Collected data
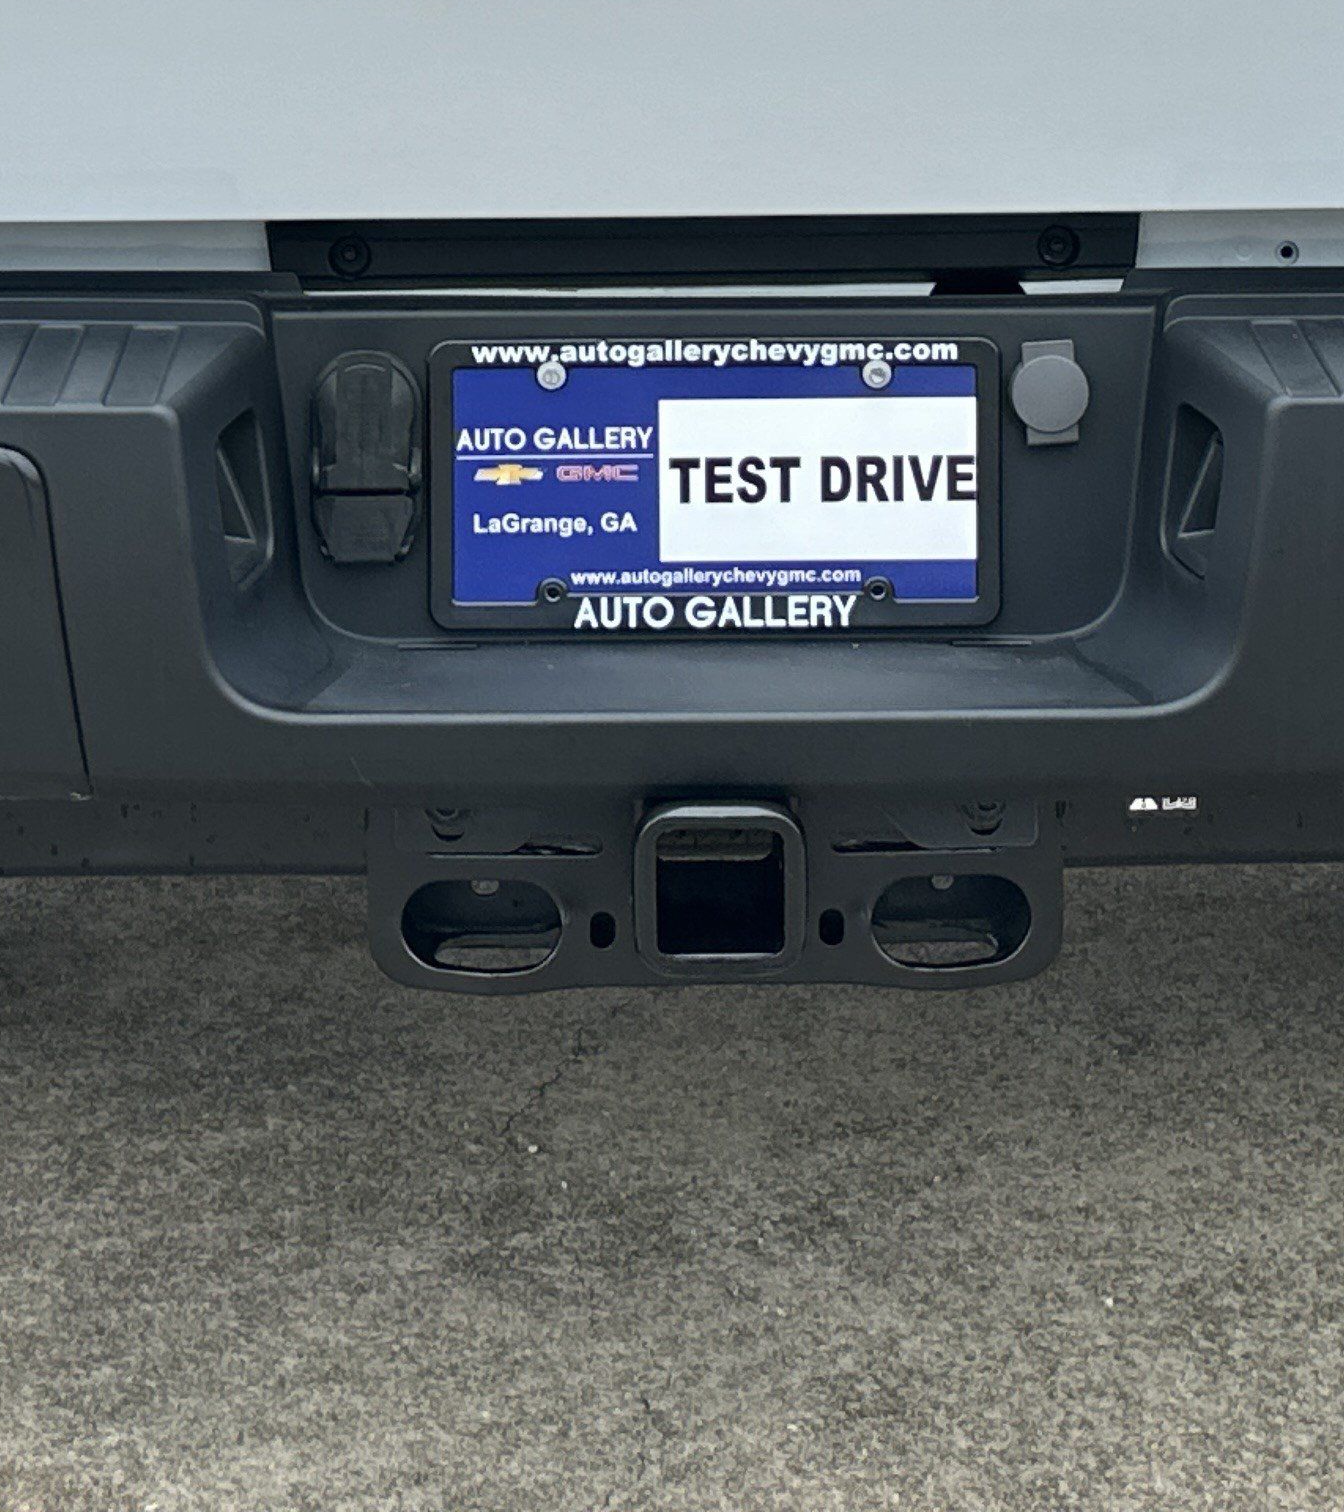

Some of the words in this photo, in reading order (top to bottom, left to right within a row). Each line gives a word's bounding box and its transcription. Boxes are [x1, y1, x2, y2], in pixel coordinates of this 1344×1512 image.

[471, 339, 959, 367] www.autogallerychevygmc.com
[456, 427, 527, 452] AUTO
[533, 425, 654, 451] GALLERY
[556, 464, 640, 482] GMC
[669, 456, 802, 505] TEST
[820, 454, 977, 503] DRIVE
[473, 513, 594, 538] LaGrange,
[600, 512, 638, 534] GA
[570, 567, 862, 587] www.autogallerychevygmc.com
[573, 595, 675, 629] AUTO
[684, 594, 857, 629] GALLERY
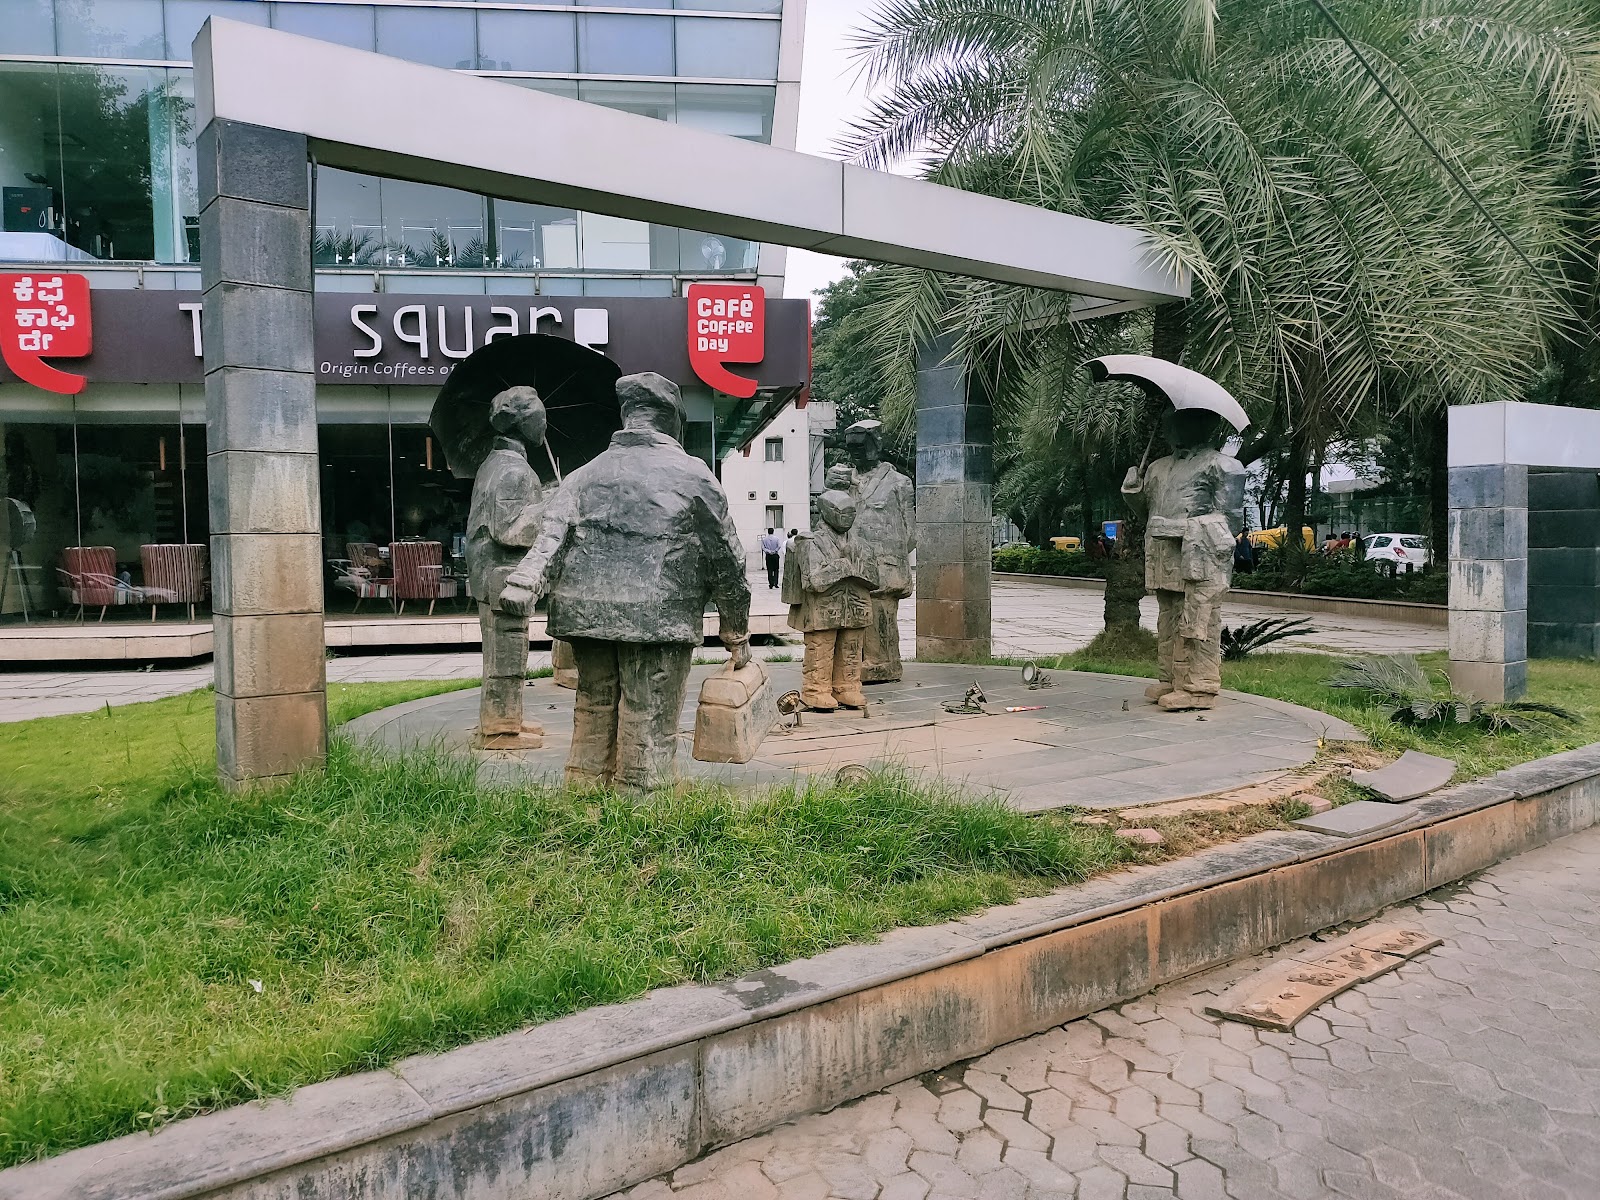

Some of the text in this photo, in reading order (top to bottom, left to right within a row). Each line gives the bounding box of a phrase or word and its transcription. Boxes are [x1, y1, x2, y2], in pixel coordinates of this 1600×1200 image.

[697, 293, 753, 318] Café
[15, 305, 75, 331] ಕಾಫಿ
[697, 319, 754, 335] Coffee
[697, 337, 729, 353] Day
[320, 361, 369, 378] Origin
[373, 362, 435, 378] Coffees
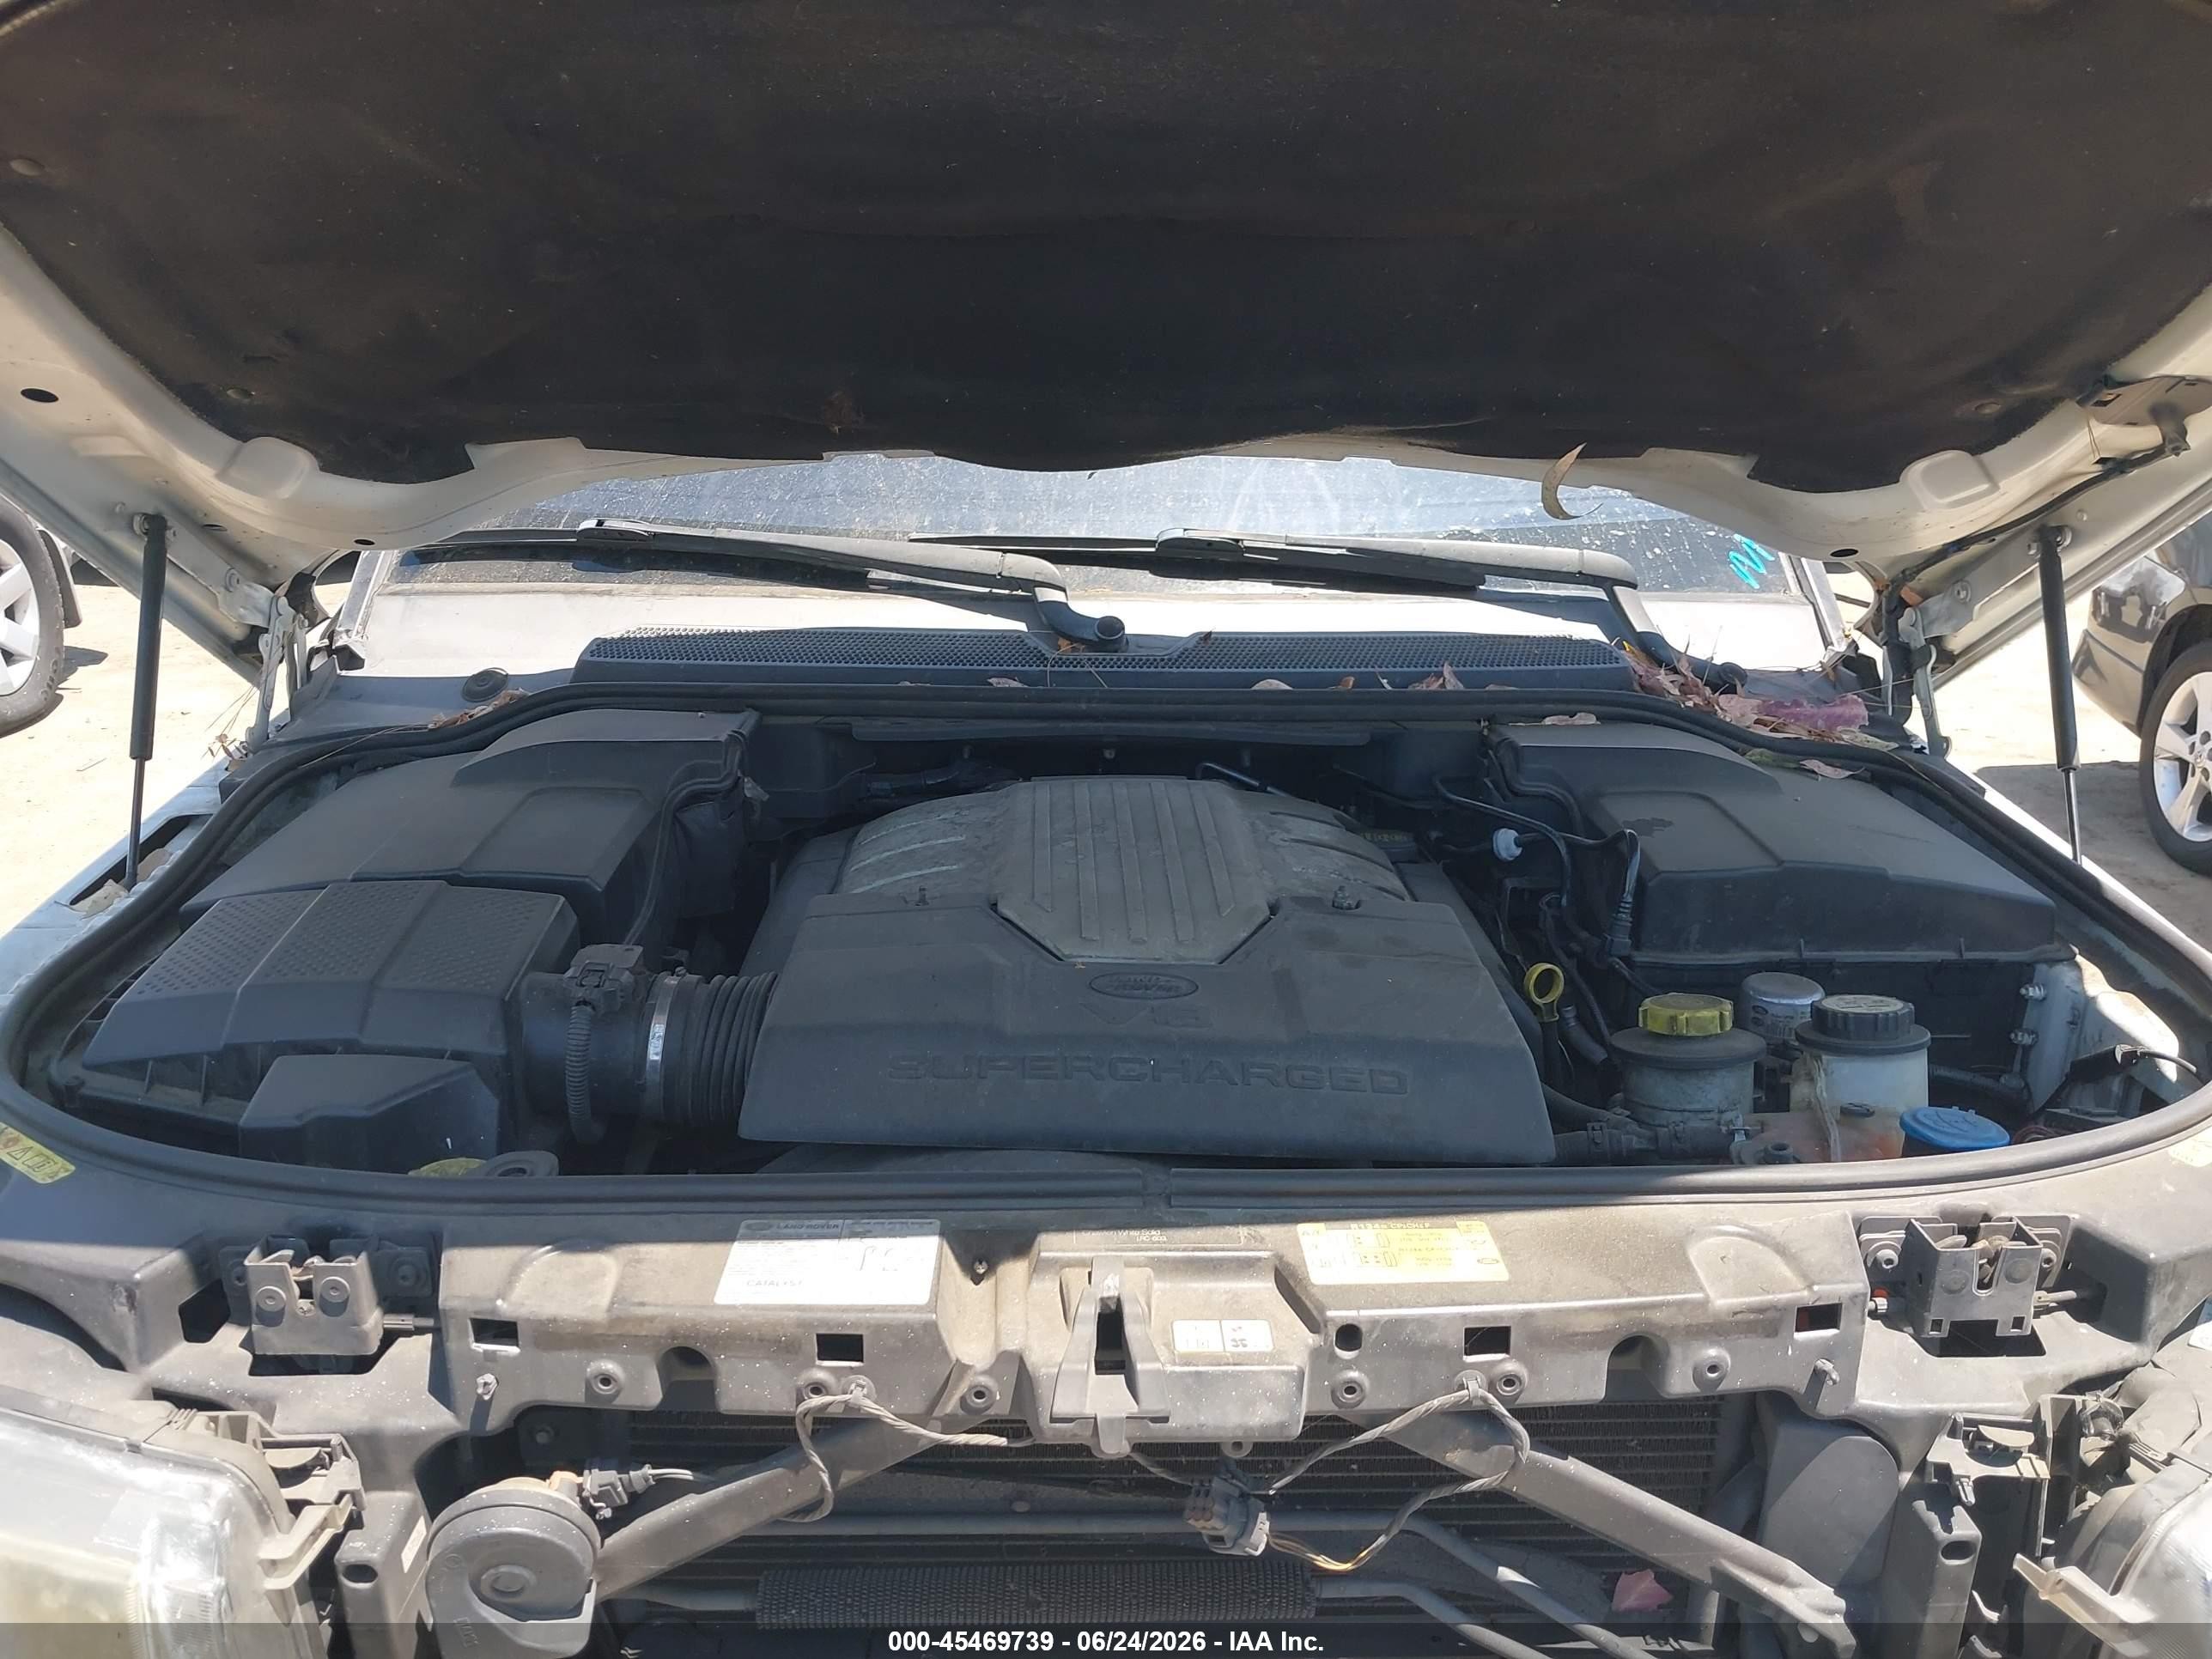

• [Prompt]: Give back the data exactly, with no images.

• [Solution to this problem]:
Some of the words in this photo, in reading order (top to bottom, left to right within a row). Each line gives a word's bounding box and its transcription. Boxes are [x1, y1, x2, y2], in pixel coordinates of this 1344×1512 image.

[471, 339, 959, 367] www.autogallerychevygmc.com
[456, 427, 527, 452] AUTO
[533, 425, 654, 451] GALLERY
[556, 464, 640, 482] GMC
[669, 456, 802, 505] TEST
[820, 454, 977, 503] DRIVE
[473, 513, 594, 538] LaGrange,
[600, 512, 638, 534] GA
[570, 567, 862, 587] www.autogallerychevygmc.com
[573, 595, 675, 629] AUTO
[684, 594, 857, 629] GALLERY

Some of the text in this photo, in reading order (top to bottom, left to right within a row). Each line gives the bounding box of a phrase or word and its transcription. Boxes are [x1, y1, x2, y2], in pixel coordinates of this 1600×1200 image.

[697, 293, 753, 318] Café
[15, 305, 75, 331] ಕಾಫಿ
[697, 319, 754, 335] Coffee
[697, 337, 729, 353] Day
[320, 361, 369, 378] Origin
[373, 362, 435, 378] Coffees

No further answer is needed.